Our findings suggested a potential role for DNAJC12 as a prognostic and predictive biomarker for BC.

Keywords

Breast cancer biomarker DNAJC12 prognosis estrogen receptor

Introduction

Breast cancer (BC) is the most common malignant disease among women worldwide, with high mortality rates.¹ The disease is complex, and its occurrence and progression are linked to both environmental and genetic factors.² Molecular profiling has proven effective in assessing risk, prognosis, and managing BC patients.^3
-5 Treatment for BC involves evaluating the expression of molecular markers such as estrogen, progesterone, and human epidermal growth factor receptors (ER/PR/HER2),⁶ with several multigene assays now being used in clinical practice,⁷ indicating progress in the use of BC biomarkers. However, due to the diverse nature of BC, understanding its biology continues to be a challenge for the scientific community. Therefore, identifying and validating new biomarkers could lead to the development of more precise tools for clinicians. This study aims to assess the prognostic and predictive potential of DNAJC12 for BC patients.

Heat-shock proteins (HSPs) are molecular chaperones involved in many cellular processes and help maintain proteostasis by preventing protein misfolding and aggregation.⁸ They play crucial roles in tumor development, survival, and drug resistance and can be biomarkers.⁹ In breast cancer, the expression of several HSP genes is dysregulated, and some are linked to patient prognosis.¹⁰

The HSP40 family, also known as DnaJ or J-domain proteins (JDPs), is the most prominent family of HSPs and is characterized by the highly conserved J-domain region. It interacts with proteins from another chaperone family, the HSP70 family, by stimulating their ATPase activity and controlling their function in protein folding, transportation, and degradation.¹¹

DNAJC12 is located on chromosome 10q21.3 and encodes 2 isoforms of a protein member of the HSP40 family. The protein consists of either 198 or 107 amino acids. Mutations in this gene have been associated with specific disorders such as hyperphenylalaninemia¹² and Parkinsonism.^13,14 Additionally, studies have investigated its association with cancer, including lung cancer, gastric cancer, rectal cancer, and breast cancer.^15
-18

In previous research, our team found that DNAJC12 was expressed differently in breast cancer and showed a connection between DNAJC12 mRNA expression and ER status in primary breast tumors.¹⁹ We also demonstrated that treatment with 17β-estradiol increased DNAJC12 expression in MCF-7 cells through ER.¹⁸ In this study, we aim to investigate further how DNAJC12 expression correlates with ER status and other clinicopathological characteristics in a more significant number of primary breast tumors to gain new insights and a better understanding of the potential prognostic and predictive values of DNAJC12 in breast cancer.

Materials and Methods

Data mining

We accessed the expression profiles of DNAJC12 mRNA in samples from 1108 patients with breast cancer through the Firehose Legacy TCGA dataset downloaded from cBioPortal (https://www.cbioportal.org/).^20
-23 We included only samples with information regarding the PAM50 intrinsic subtype and DNAJC12 expression. Tumors classified as normal-like were excluded, and the resulting sample size was n = 808.

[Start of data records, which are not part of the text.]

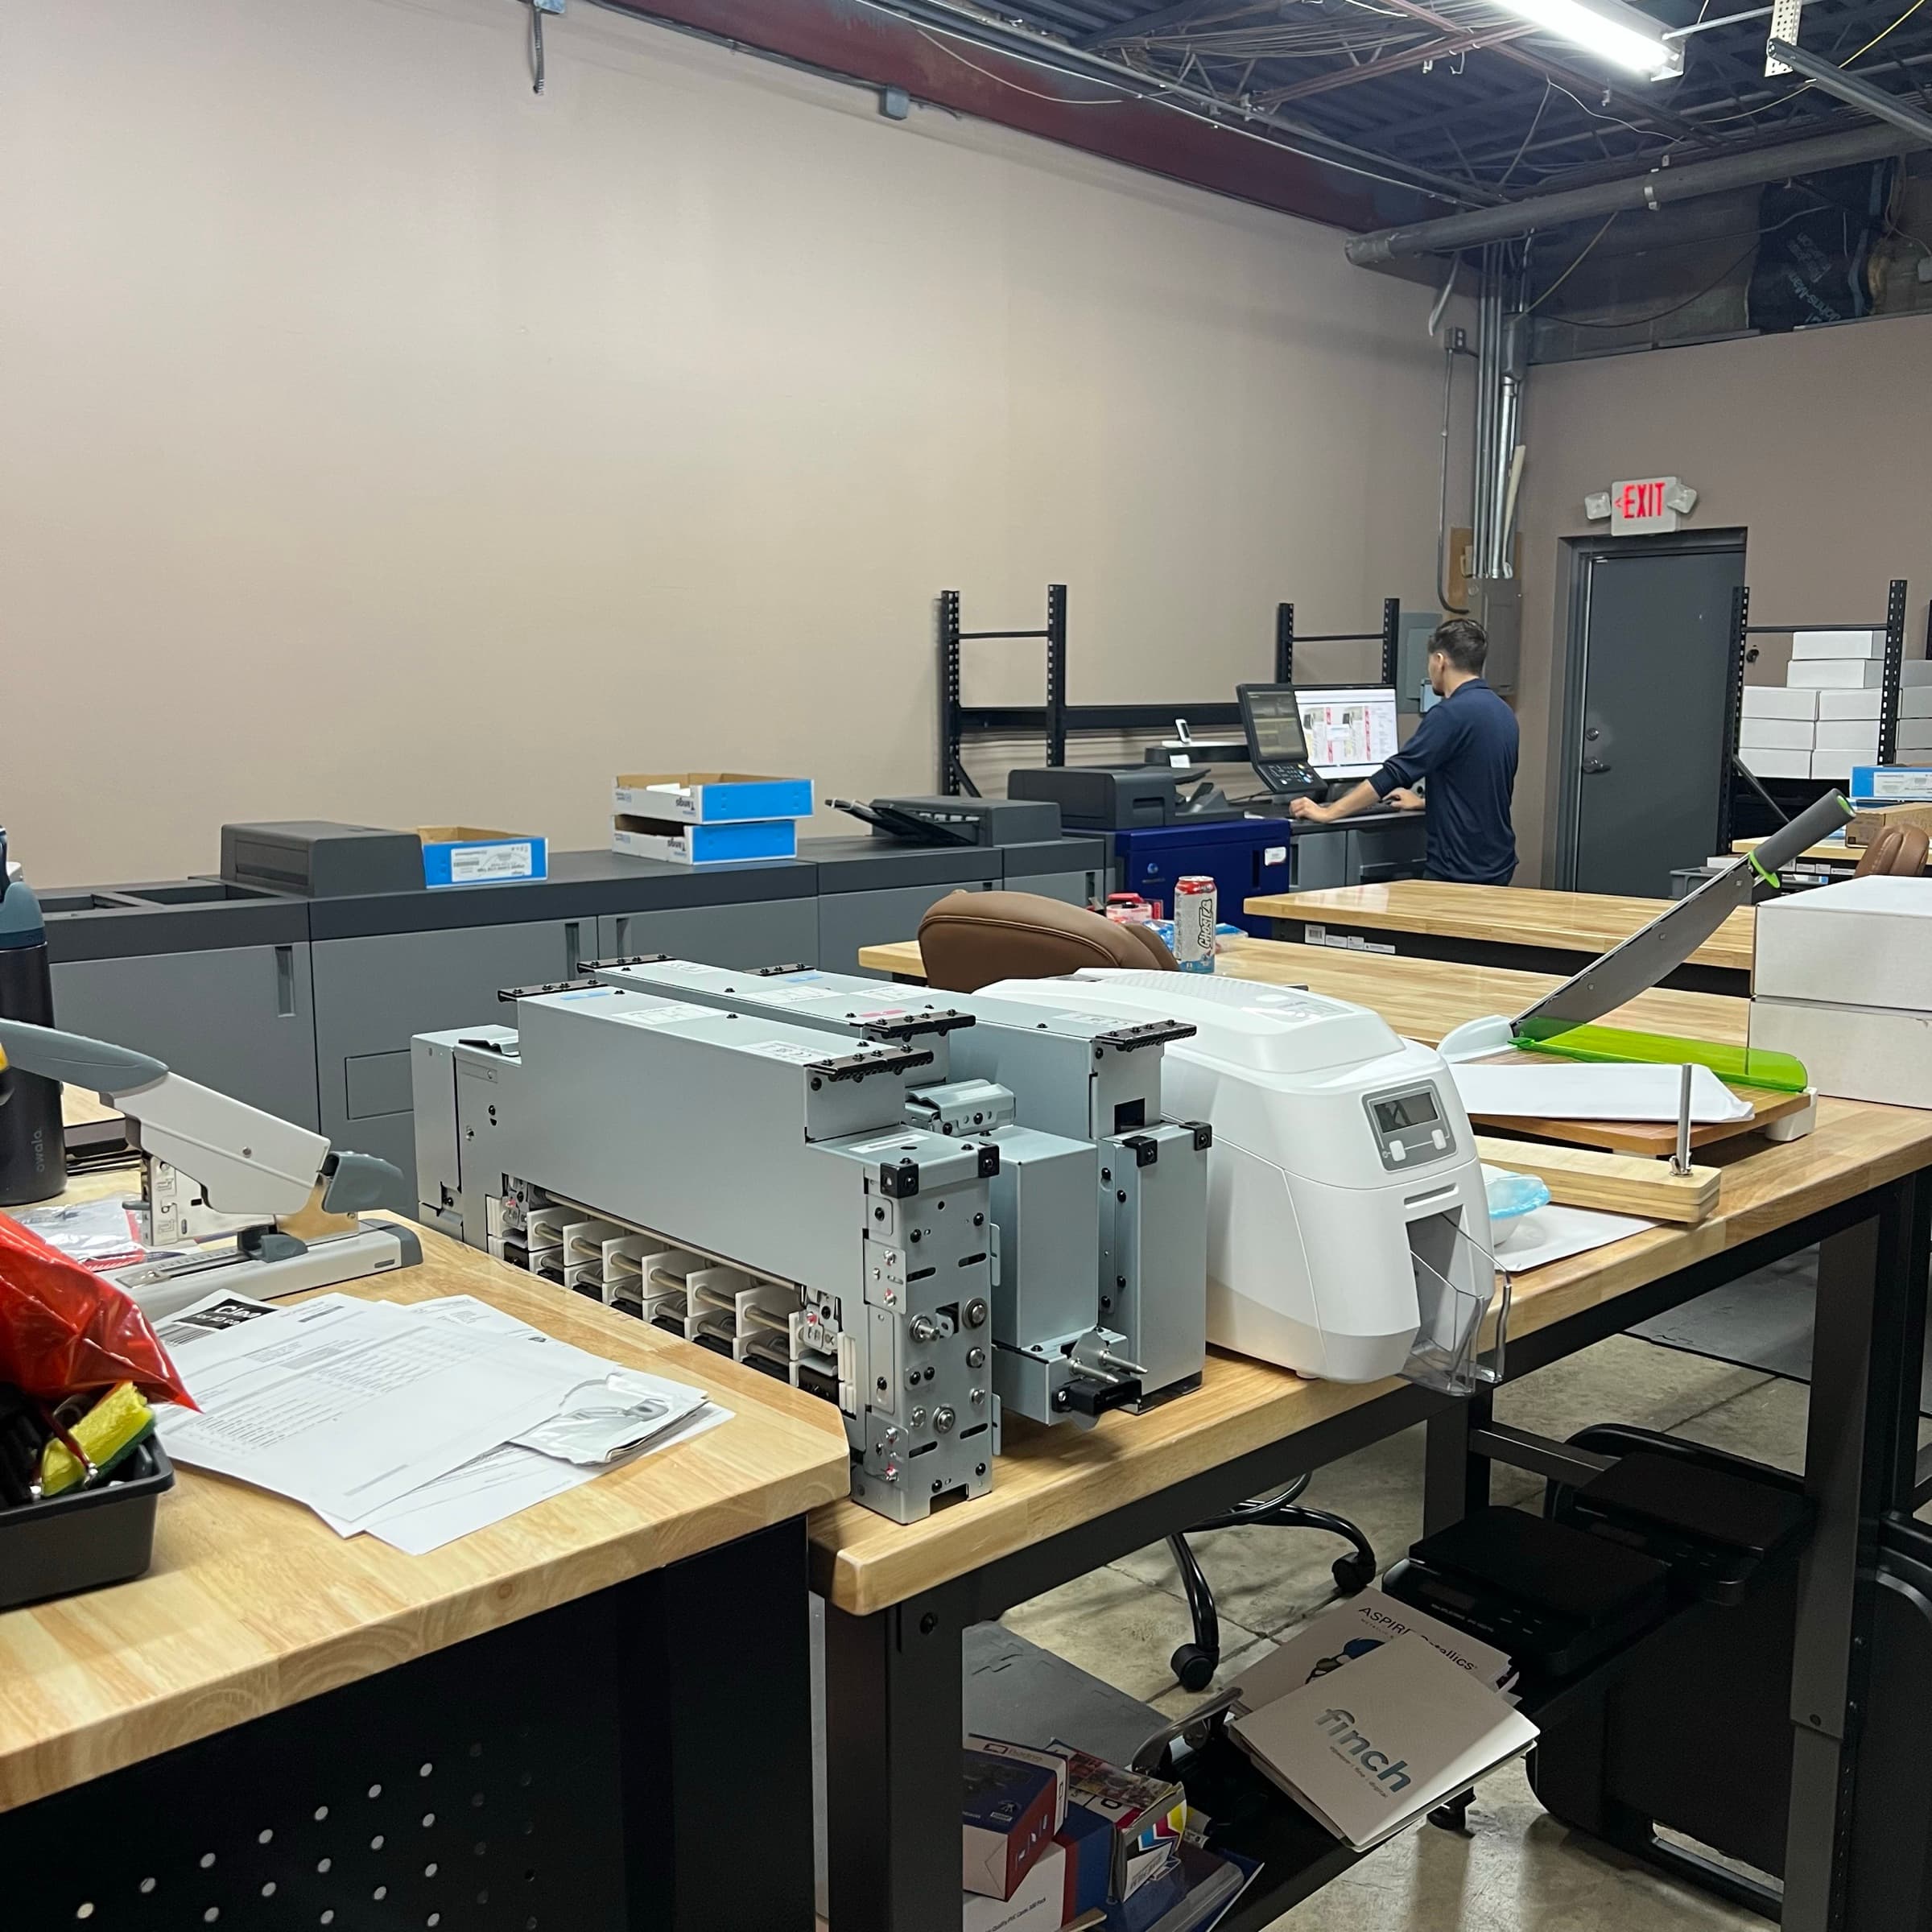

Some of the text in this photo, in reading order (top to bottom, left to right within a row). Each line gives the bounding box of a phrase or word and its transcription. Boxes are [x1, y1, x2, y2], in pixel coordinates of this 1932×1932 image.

[1624, 482, 1665, 518] EXIT
[31, 1129, 45, 1173] owala
[1315, 1707, 1411, 1794] finch
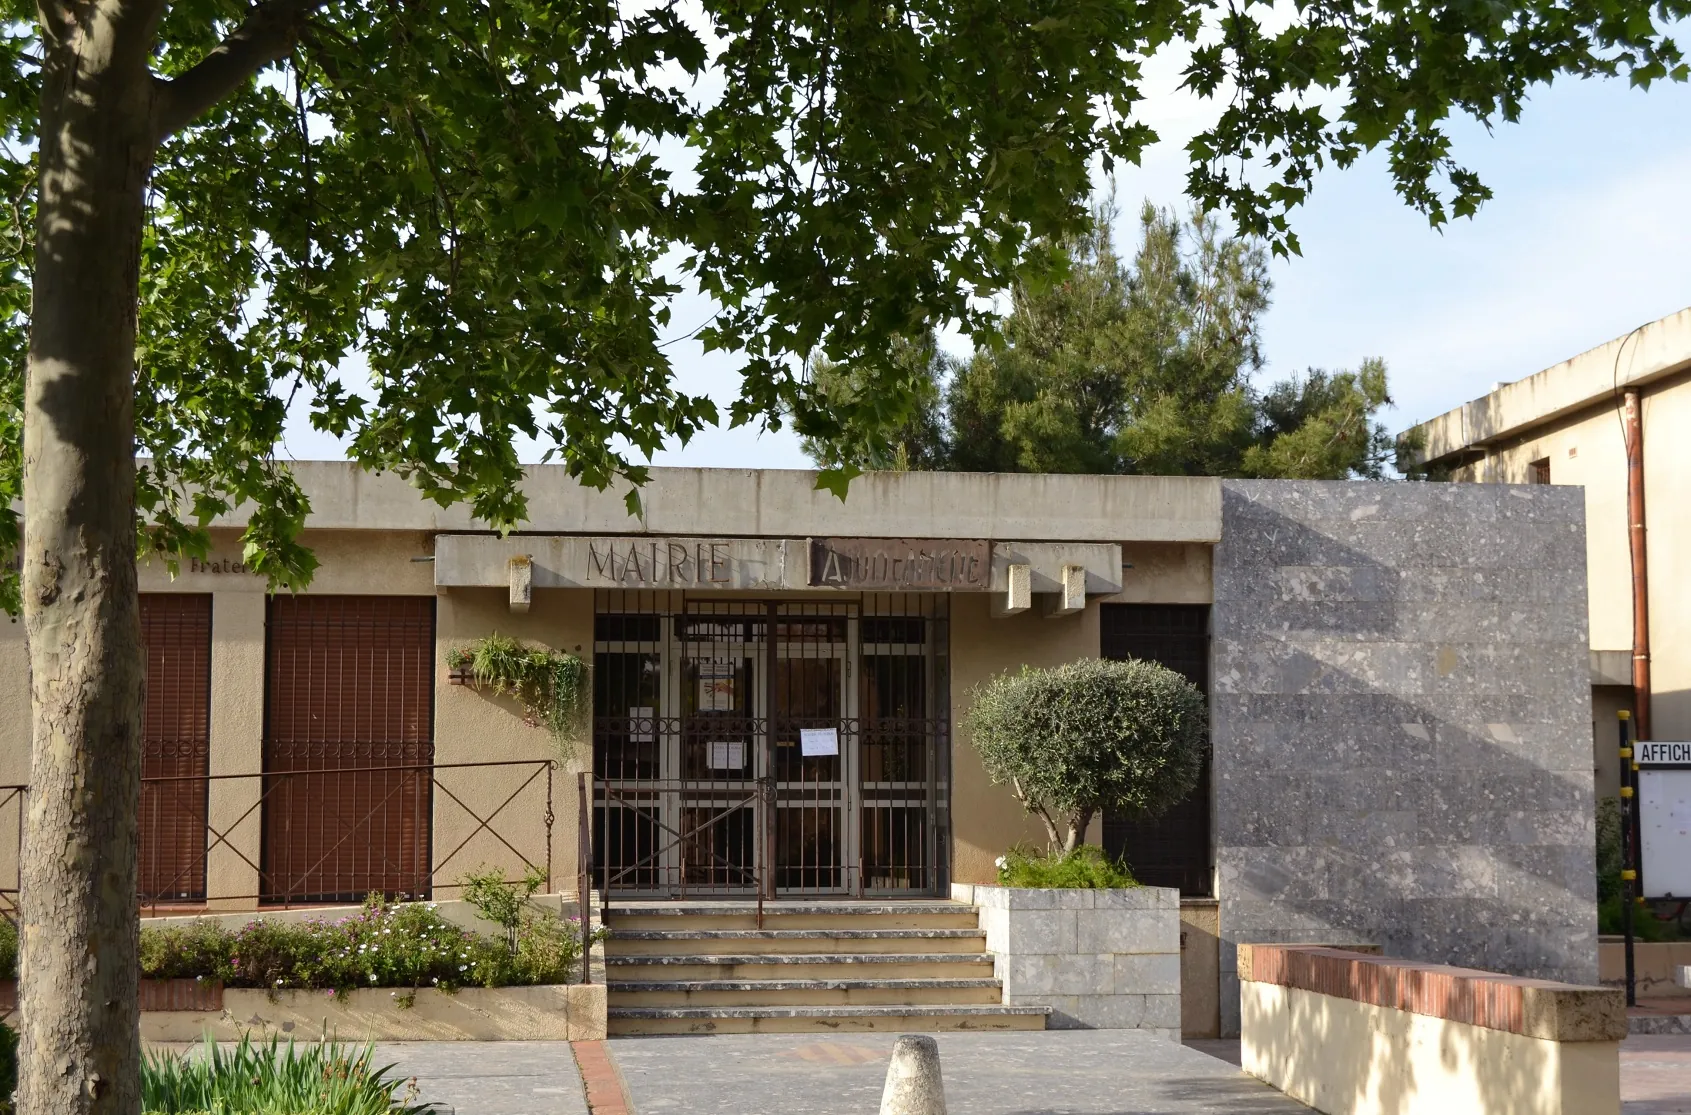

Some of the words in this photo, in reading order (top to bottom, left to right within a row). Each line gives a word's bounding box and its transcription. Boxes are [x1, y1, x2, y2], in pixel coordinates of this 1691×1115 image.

[190, 556, 248, 574] Frater
[586, 541, 731, 583] MAIRIE
[1641, 744, 1691, 761] AFFICH

The Cancer Genome Atlas (TCGA) data was also accessed through the UALCAN platform to compare mRNA expression between normal and tumor samples.^22
-25

We assessed the prognostic value of DNAJC12 mRNA expression using the Kaplan-Meier Plotter tool (https://kmplot.com/analysis/).^24
-27 Overall survival (OS) and Relapse-free survival (RFS) times were plotted, with a follow-up period of 120 months. Patient groups were split using the best cutoff value, and we used JetSet best probe sets only.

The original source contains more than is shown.